The practical consequence of the phase ordering is that execution order is determined by phase membership, not by directive order in the config file. This is a common source of confusion. set $variable value runs in the REWRITE phase. limit_req runs in PREACCESS. auth_request runs in ACCESS. If you write set $skip 1 followed by limit_req in the same location block, the set runs first -- not because it appears first in the file, but because REWRITE precedes PREACCESS. Configuration order only matters within the same phase.

The try_files Directive

try_files runs in the TRY_FILES phase (phase 8) and is one of the directives that appears in nearly every production Nginx configuration, particularly for PHP applications and single-page application deployments. Its behavior is often misunderstood: it tests a sequence of file or directory paths against the filesystem in order, and serves the first one that exists.
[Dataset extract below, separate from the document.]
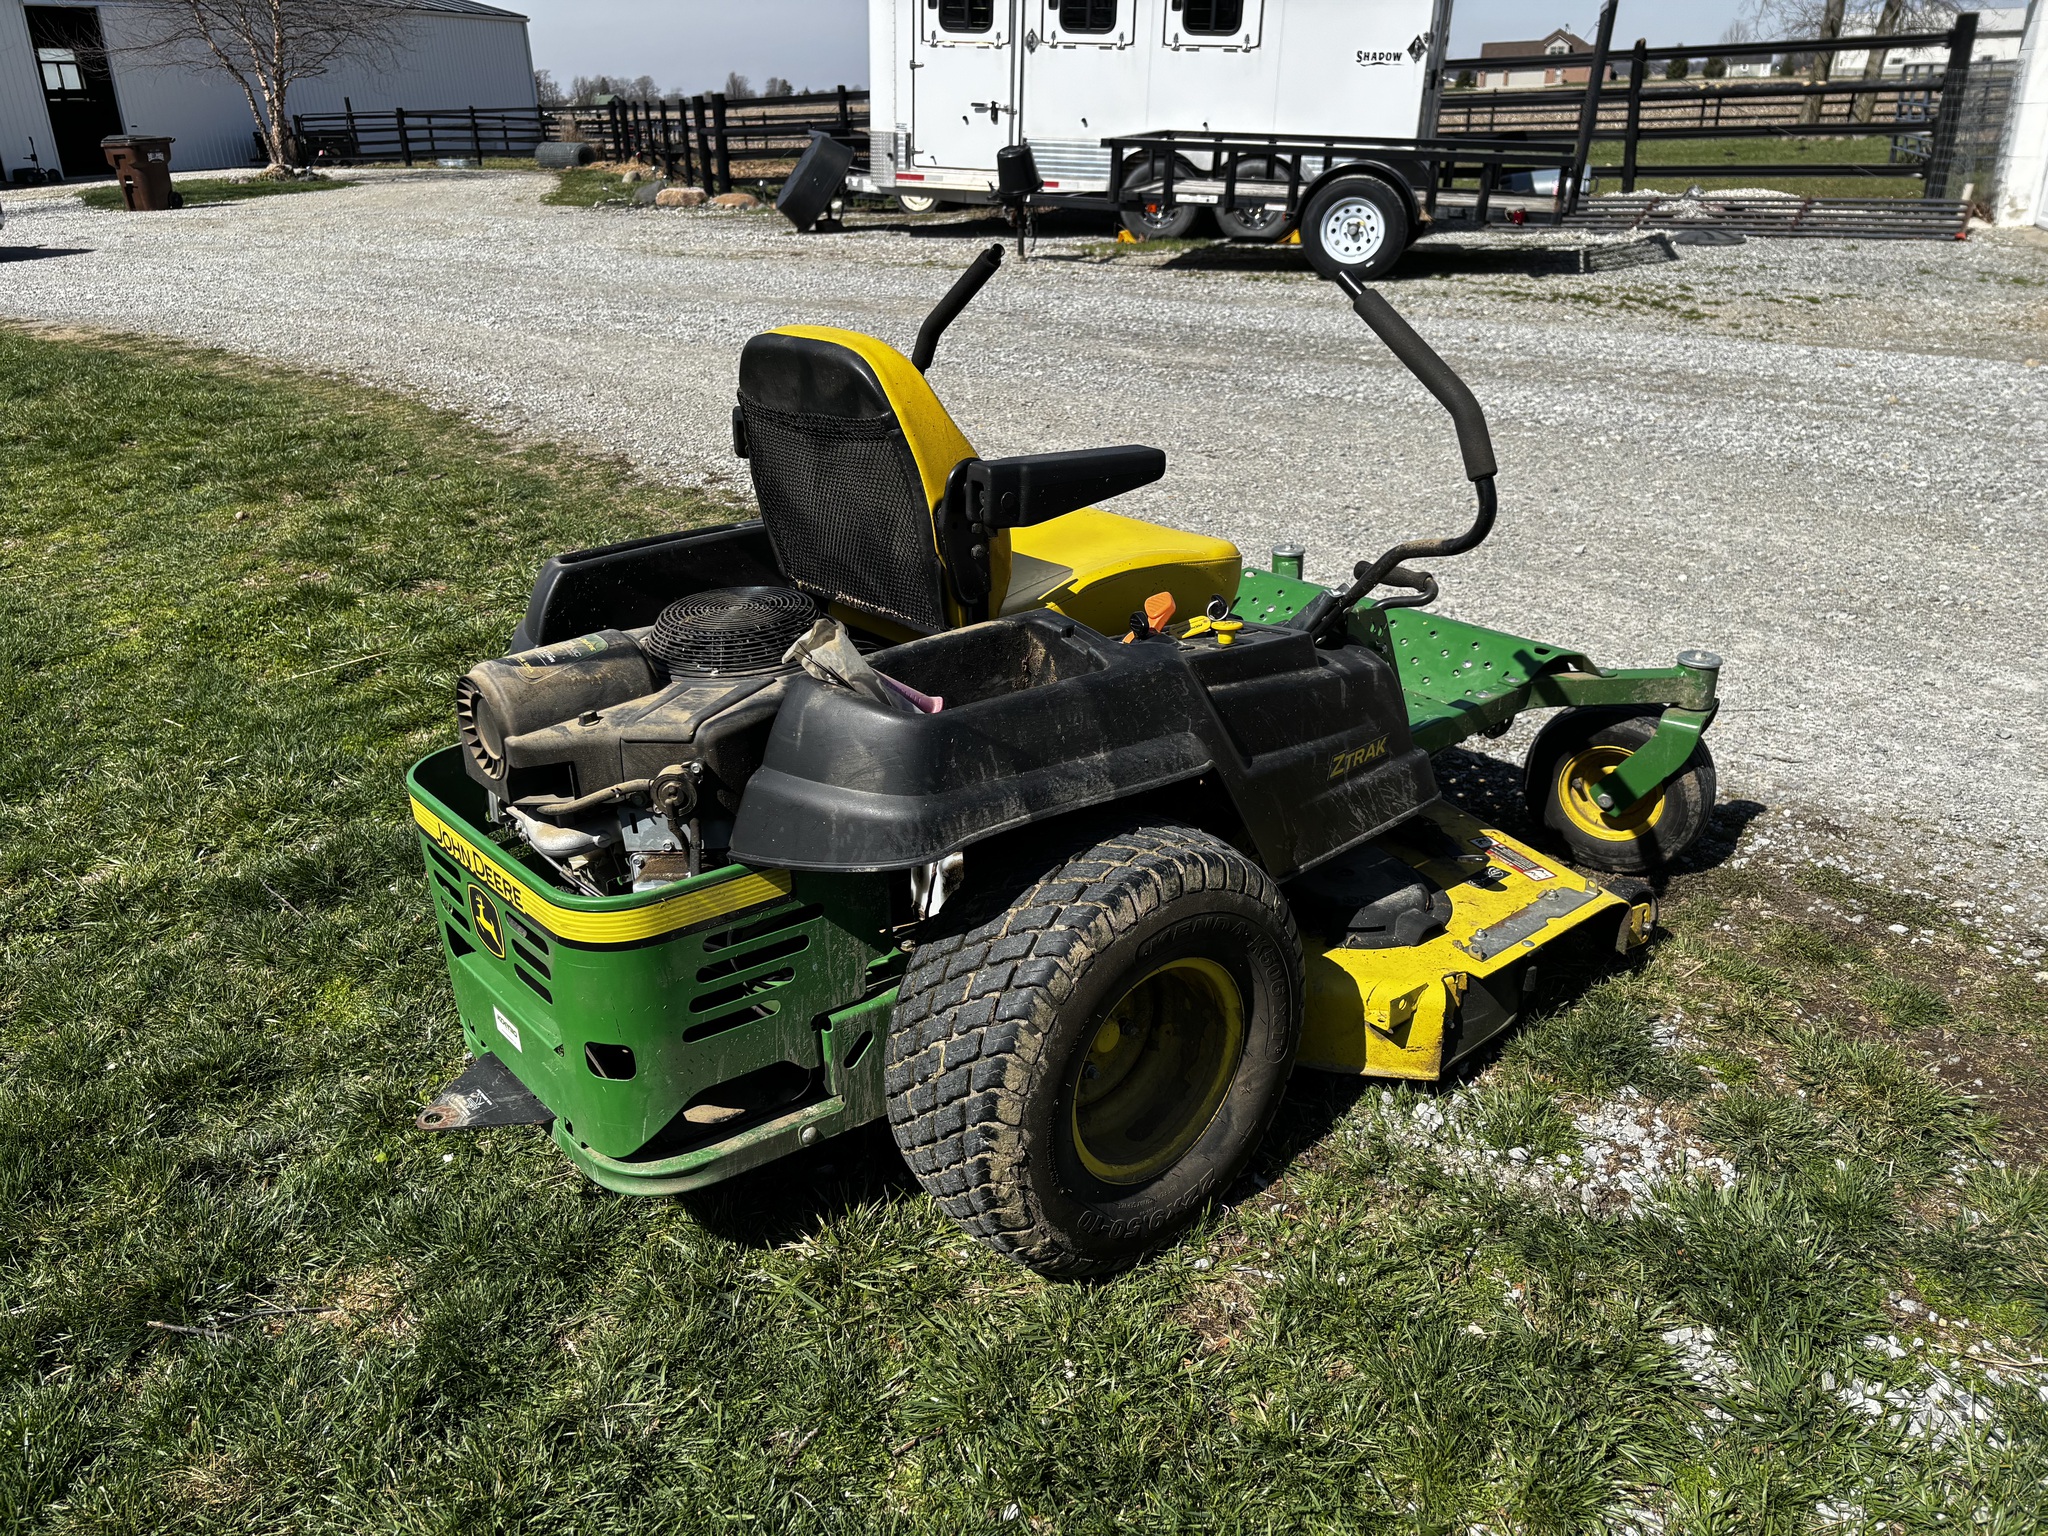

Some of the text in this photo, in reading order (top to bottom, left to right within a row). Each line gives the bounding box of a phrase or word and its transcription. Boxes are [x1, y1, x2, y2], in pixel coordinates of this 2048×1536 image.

[1356, 50, 1403, 63] SHADOW
[1329, 736, 1388, 779] ZTRAK
[436, 822, 526, 912] JOHN DEERE
[1247, 933, 1287, 998] K506
The final argument is always a fallback and is treated as a URI rewrite (or an error code) rather than a path check.

nginx.conf -- try_files patterns

# Classic WordPress / PHP-FPM pattern
# Try the exact URI as a file, then as a directory, then hand off to index.php
location / {
    try_files $uri $uri/ /index.php?$query_string;
}

# SPA pattern: serve the file if it exists, else serve index.html
location / {
    try_files $uri $uri/ /index.html;
}

# Named location fallback -- useful for more complex routing
location / {
    try_files $uri @backend;
}
location @backend {
    proxy_pass http://app_backend;
}

The important internal mechanic: when try_files reaches its final fallback argument, it performs an internal redirect -- it changes the request URI and restarts the phase engine from FIND_CONFIG to re-match the new URI against location blocks. This means the fallback to /index.php?$query_string is not a direct pass-through; it is a new location match that will then be handled by whatever location block matches \.php$. Understanding this prevents the common mistake of writing catch-all try_files fallbacks that accidentally bypass access controls or caching logic placed in specific location blocks.
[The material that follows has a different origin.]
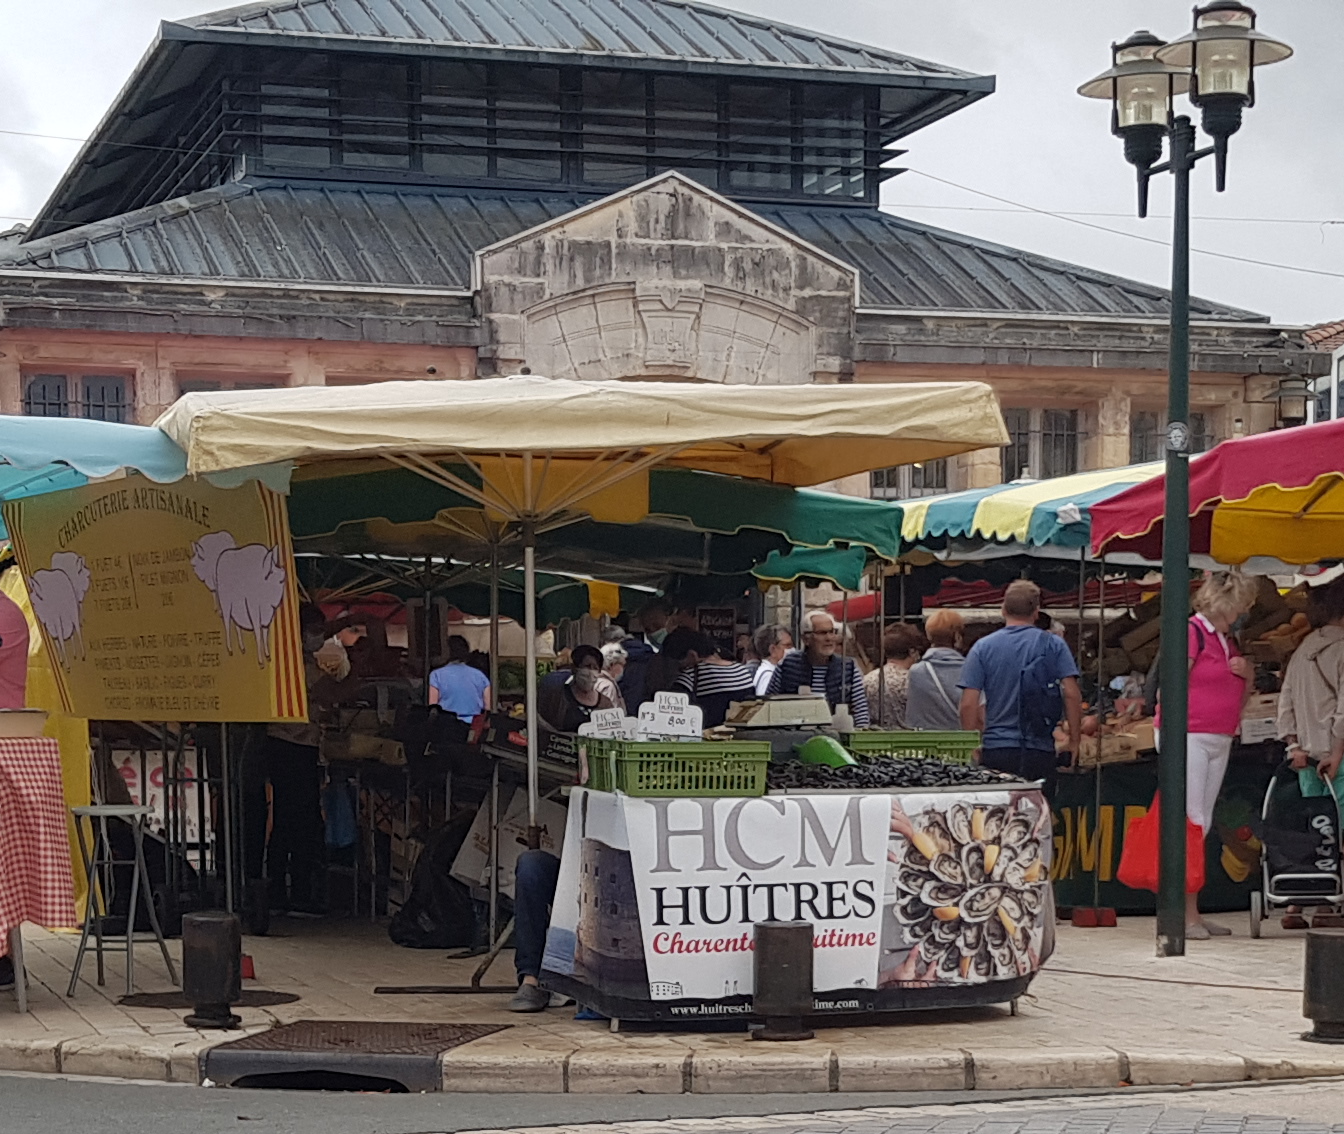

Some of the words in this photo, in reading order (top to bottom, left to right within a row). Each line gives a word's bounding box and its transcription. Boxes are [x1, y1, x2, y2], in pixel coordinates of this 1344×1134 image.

[58, 488, 129, 548] CHARCUTERIE
[133, 488, 210, 528] ARTISANALE
[644, 796, 875, 873] HCM
[650, 872, 876, 926] HUÎTRES
The ngx_http_realip_module

The POST_READ phase comment in the pipeline above references ngx_http_realip_module, which deserves explicit treatment. When Nginx sits behind a load balancer, CDN, or other reverse proxy, $remote_addr contains the IP of the upstream proxy rather than the actual client. The realip module corrects this by reading the client IP from a trusted header -- typically X-Forwarded-For or X-Real-IP -- and rewriting $remote_addr in-place before any other module evaluates it.

nginx.conf -- realip module

http {
    # Trust X-Real-IP from these load balancer IPs
    set_real_ip_from 10.0.0.0/8;
    set_real_ip_from 172.16.0.0/12;
    real_ip_header  X-Forwarded-For;

    # If using X-Forwarded-For which may contain a chain of IPs,
    # recursive search finds the first non-trusted IP in the chain
    real_ip_recursive on;
}

set_real_ip_from defines the CIDR ranges Nginx trusts as legitimate proxies. Only headers arriving from these addresses will be used to rewrite $remote_addr. This matters for rate limiting: if you configure limit_req_zone against $binary_remote_addr without running the realip module, every client behind the same load balancer will share a single rate limit counter keyed to the load balancer's IP, not the individual client IP. The realip module must be compiled in -- it is not enabled by default in all distributions -- and is controlled by the --with-http_realip_module configure flag.

Configuration Architecture

Nginx's configuration language is block-based and hierarchical. The top-level contexts are main, events, http, stream, mail, and upstream. Directives defined in an outer context are inherited by inner contexts, and inner contexts can override them.

The events block controls connection processing behavior. The key directive here is worker_connections, which sets the maximum number of simultaneous connections per worker process. Combined with worker_processes, this gives you the theoretical maximum concurrent connections for the server: worker_processes * worker_connections.

nginx.conf -- events block

events {
    worker_connections 1024;
    use epoll;
    multi_accept on;
}

The multi_accept on directive tells each worker to accept as many new connections as possible in a single pass through the accept loop rather than accepting one connection per event loop iteration. This improves throughput under high connection rates at the cost of slightly uneven distribution across workers.

The http block is where virtual hosts and web serving configuration lives. Virtual hosts are defined in server blocks, and URL-specific configuration goes inside location blocks nested within server blocks.

nginx.conf -- server block

http {
    server {
        listen 443 ssl;
        server_name example.com;

        location / {
            root /var/www/html;
            index index.html;
        }

        location ~ \.php$ {
            fastcgi_pass unix:/run/php/php8.2-fpm.sock;
            fastcgi_param SCRIPT_FILENAME $document_root$fastcgi_script_name;
            include fastcgi_params;
        }
    }
}

Location blocks support four matching types: exact match with =, preferential prefix match with ^~, case-sensitive regex with ~, and case-insensitive regex with ~*. Nginx's evaluation follows a specific two-pass process: first, all prefix strings are tested and the longest match is recorded; then, if that longest prefix is marked ^~, regex evaluation is skipped entirely and that prefix wins. If the longest prefix is not ^~, Nginx tests regex locations in the order they appear in the config file. The first matching regex wins; if no regex matches, the longest prefix from the first pass is used. Exact = matches are checked first and terminate evaluation immediately on a match. Understanding this two-pass process -- not a simple top-to-bottom read of the config file -- resolves most location-matching confusion, and is a common source of subtle bugs when prefixes and regexes interact unexpectedly.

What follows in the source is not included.